If I use your chart, the interest charge would be 11.96*36 = $3833.60 a difference of 76 cents.

I was using the accepted compound interest formula

Present value = paym(1 - (1+i)^-n)/i

the interest charge would be 11.96*36 = $3833.60 a difference of 76 cents

Hi how did you get the 3833.6 from multiplying 11.96*36.

Thanks

sorry, I meant to type 11.98*32000/100 = 3833.60

I think I was thinking of my own calculation.

Thanks

To determine the homeowner's total finance charge, we need to calculate the finance charge on the financed balance. Here's how you can do it:

1. Calculate the down payment amount: Since the homeowner paid 20% as a down payment, multiply the total amount spent ($40,000) by 20% (or 0.20) to find the down payment amount.

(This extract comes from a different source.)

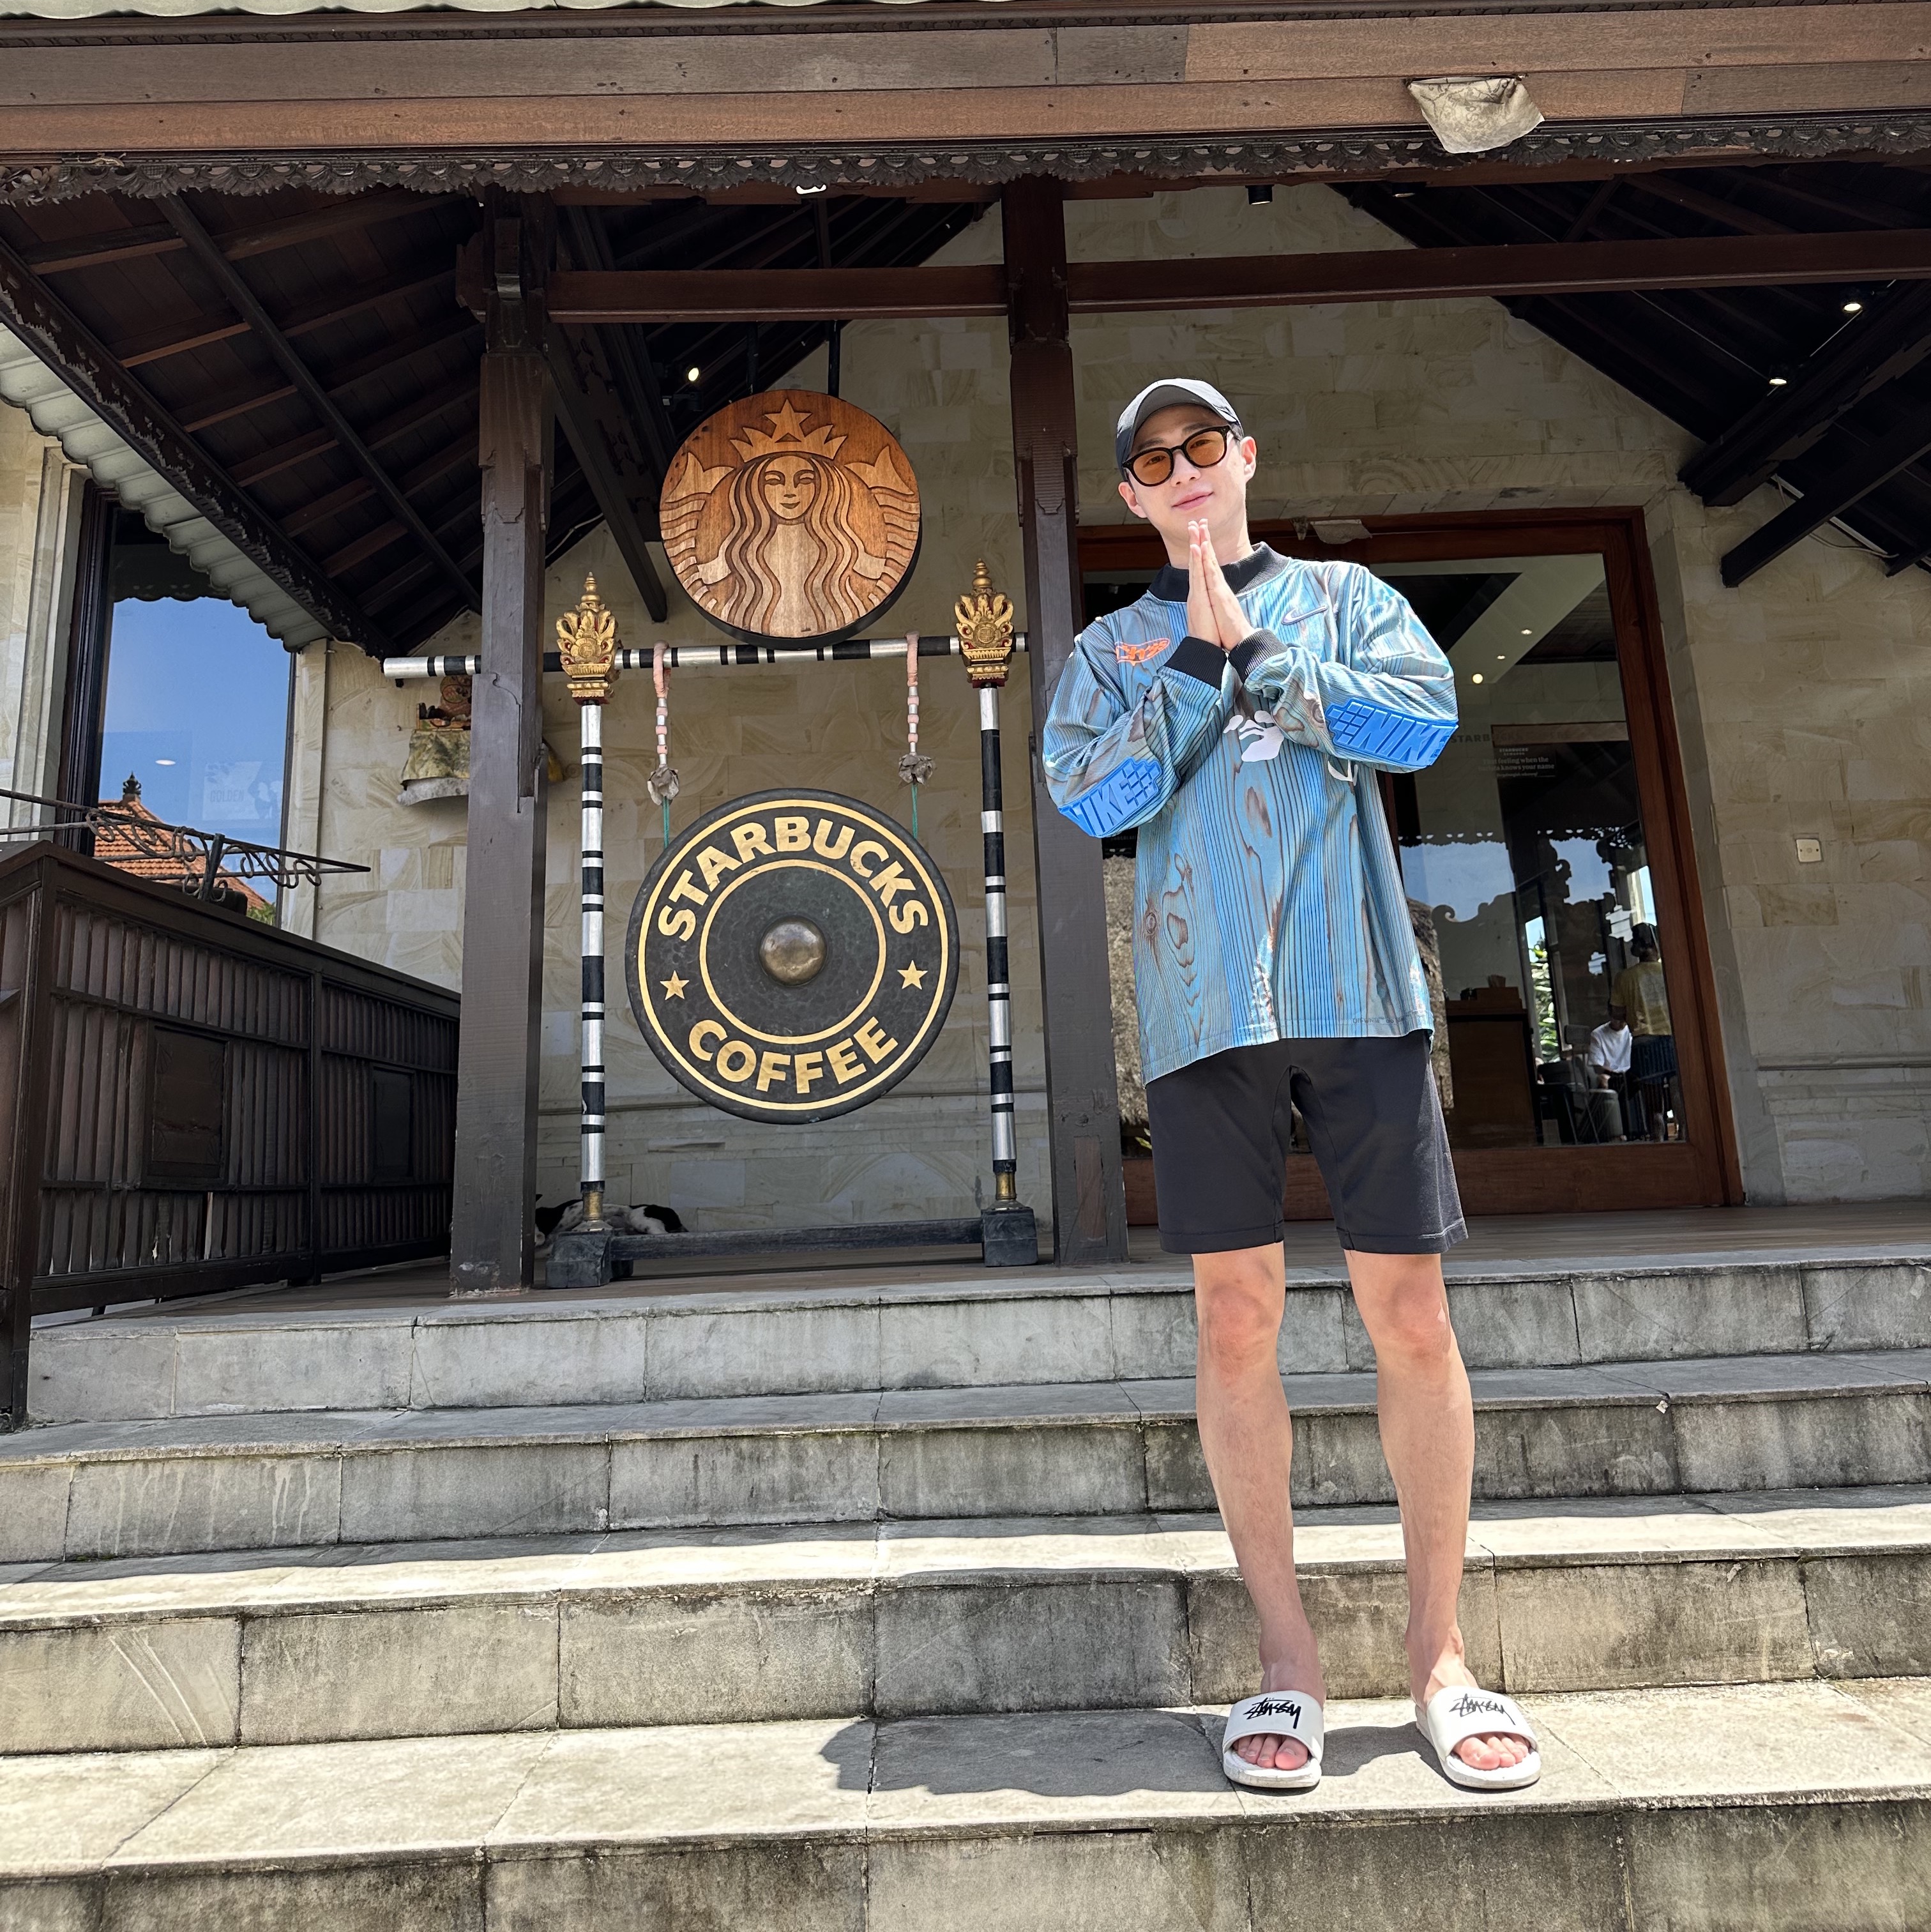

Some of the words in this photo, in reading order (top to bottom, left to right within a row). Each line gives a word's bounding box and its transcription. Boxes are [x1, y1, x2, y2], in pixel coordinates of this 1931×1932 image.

Down Payment = $40,000 * 0.20 = $8,000

2. Calculate the financed balance: Subtract the down payment amount from the total amount spent to get the financed balance.

Financed Balance = $40,000 - $8,000 = $32,000

3. Determine the finance charge per $100: Use the provided partial APR table to find the finance charge per $100 for a 36-month loan term with an APR of 7.5%.

From the table, we can see that the finance charge per $100 for a 36-month loan term with an APR of 7.5% is 11.98.

4. Calculate the finance charge on the financed balance: Divide the financed balance by $100, then multiply the result by the finance charge per $100 to find the finance charge on the financed balance.

Finance Charge = ($32,000 / $100) * 11.98 = $3,833.60

Therefore, the homeowner's total finance charge is $3,833.60.

To determine the monthly payment, we can use the formula for calculating monthly payments on a fixed installment loan:

Monthly Payment = (Financed Balance + Finance Charge) / Number of Payments

1. Calculate the monthly payment:

Monthly Payment = ($32,000 + $3,833.60) / 36
Monthly Payment = $35,833.60 / 36
Monthly Payment = $995.37 (rounded to the nearest cent)

Therefore, the homeowner's monthly payment will be approximately $995.37.